In the present study, both 48 and 72 h of hypothermia improved the area fraction and linearity of myelin and axons and helped to normalize the morphology of reactive microglia and astrocytes. Hypothermia after HI has well-characterized neuroprotective effects, including anti-apoptotic and anti-inflammatory mechanisms.32 As above, axons can be damaged by apoptosis of the entire neuron or axon-specific degeneration, but there is some overlap between these two mechanisms, involving apoptotic proteins such as caspase-9 and caspase-3.34 Hypothermia treatment after ischemia reduces cytochrome c release and activation of caspase-3.35,36 Taken together, the attenuation of apoptotic pathways, reduced inflammation, and sparing of neuronal death may have contributed to reduced axonal injury. In turn, the protection of both axons and oligodendrocytes with both 48 and 72 h of hypothermia likely contributed to improved myelination.13

These data show that 48 h of hypothermia provides maximal axonal protection that is not further improved by longer cooling for 72 h, and so additional interventions will be needed to improve axonal protection. It is important to appreciate that, as previously reported, 48 h of hypothermia was associated with impaired EEG recovery, neuronal survival, and suppression of microglial induction compared with 72 h of hypothermia,13 and so 72 h of hypothermia is required for optimal neuroprotection.37

The present study used OrientationJ17 to quantify changes in the linearity of the axonal and myelin fibers in the first and second parasagittal gyri in a two-dimensional coronal plane. One limitation of this approach is that the technique can only be applied in longitudinal sections of linear white matter tracts. Thus, for example, we were not able to analyze linearity of the periventricular white matter. Diffusion tensor imaging of ex vivo brains would provide greater coverage of the white matter tracts of the brain in three dimensions10 but is more expensive and less accessible. Alternatively, electron microscopy is a well-validated method of assessing ultra-structural integrity of axons in fetal sheep brain tissue10; however, it requires different fixation, and in the present study, gross morphological changes in axonal integrity were able to be detected by immunohistochemistry.
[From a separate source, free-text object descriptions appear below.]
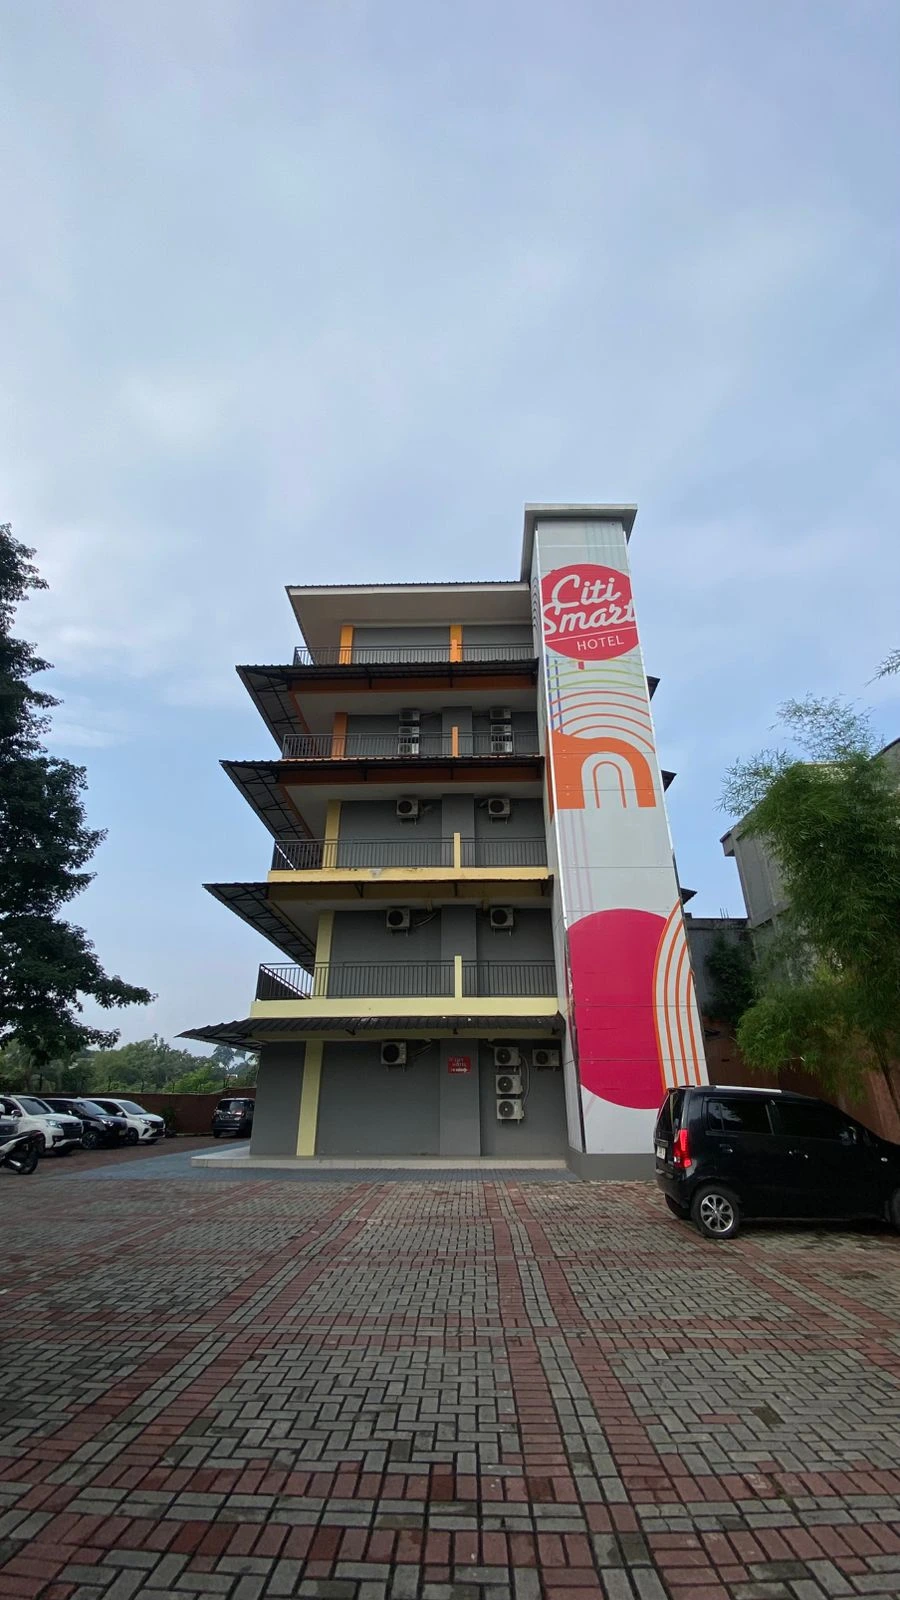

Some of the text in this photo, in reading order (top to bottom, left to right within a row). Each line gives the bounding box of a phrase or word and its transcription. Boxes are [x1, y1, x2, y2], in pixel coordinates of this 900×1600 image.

[551, 574, 622, 611] Citi
[542, 599, 636, 635] Smart
[576, 635, 625, 651] HOTEL
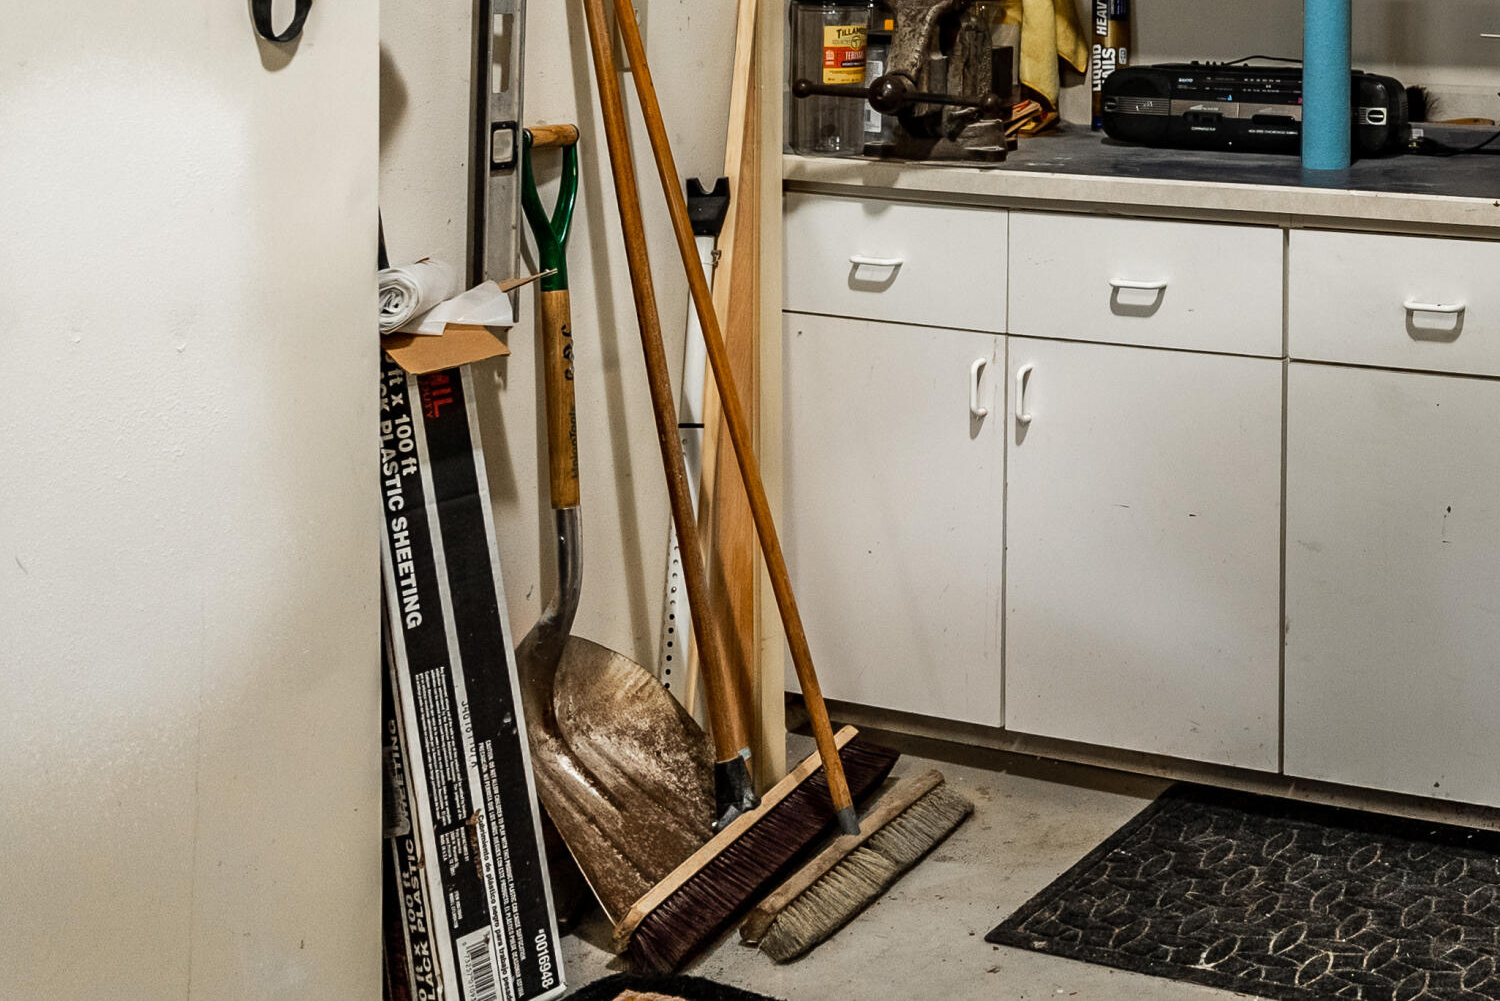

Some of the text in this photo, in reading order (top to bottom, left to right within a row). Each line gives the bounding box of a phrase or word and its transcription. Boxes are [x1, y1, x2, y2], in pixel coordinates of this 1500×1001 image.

[1092, 44, 1102, 92] LIQUID
[1102, 47, 1116, 85] AILS
[389, 392, 404, 407] x
[392, 412, 416, 454] 100
[379, 419, 404, 511] PLASTIC
[399, 456, 419, 476] ft
[389, 515, 423, 629] SHEETING
[477, 814, 490, 860] Cubrimiento
[400, 869, 411, 887] ft
[485, 862, 492, 872] de
[405, 837, 426, 933] PLASTIC
[486, 873, 497, 904] plástico
[404, 892, 418, 933] 100
[491, 906, 500, 926] negro
[412, 942, 421, 956] x
[494, 928, 503, 946] para
[414, 964, 424, 981] ft
[498, 947, 509, 975] trabajo
[534, 928, 553, 989] #0016948
Some fetal sheep showed persistent elements of sparse axonal labeling and axonal spheroids despite a dramatic overall improvement in axonal morphology and area fraction. It is important to appreciate that injury can continue to evolve for weeks or months after the original insult.38 Thus, although it is reassuring that there was normalization of microglial and astrocytic morphology, it is possible that these persisting morphological axonal changes in the present study could be associated with longer-term loss of axonal integrity. Potentially then, these persisting abnormalities may contribute to the long-term cognitive and motor deficits seen in some infants after HI despite treatment with hypothermia.39,40,41,42 It is unclear why some animals in this study showed better preservation of axonal morphology after hypothermia. In principle, it could be due to genetic predispositions, fetal weight or sex, inflammatory load, and variations in neuronal or oligodendrocyte survival. The present study was not statistically powered to disentangle the relationship between such factors and the presence of abnormal axonal morphology.

In summary, the present study demonstrated that delayed treatment with hypothermia continued until 48 or 72 h was associated with preservation of myelin and axonal integrity and normalization of microglia and astrocyte morphology. A subset of animals showed persisting abnormal axonal morphology. Further research is required to elucidate the timing and relationship between oligodendrocyte loss and axonal and myelin disruption, but the present data suggest that both 48 and 72 h of hypothermia protocols effectively protect axons after severe cerebral ischemia in near-term fetal sheep, at least in part, by suppressing secondary sterile inflammation and glial activation.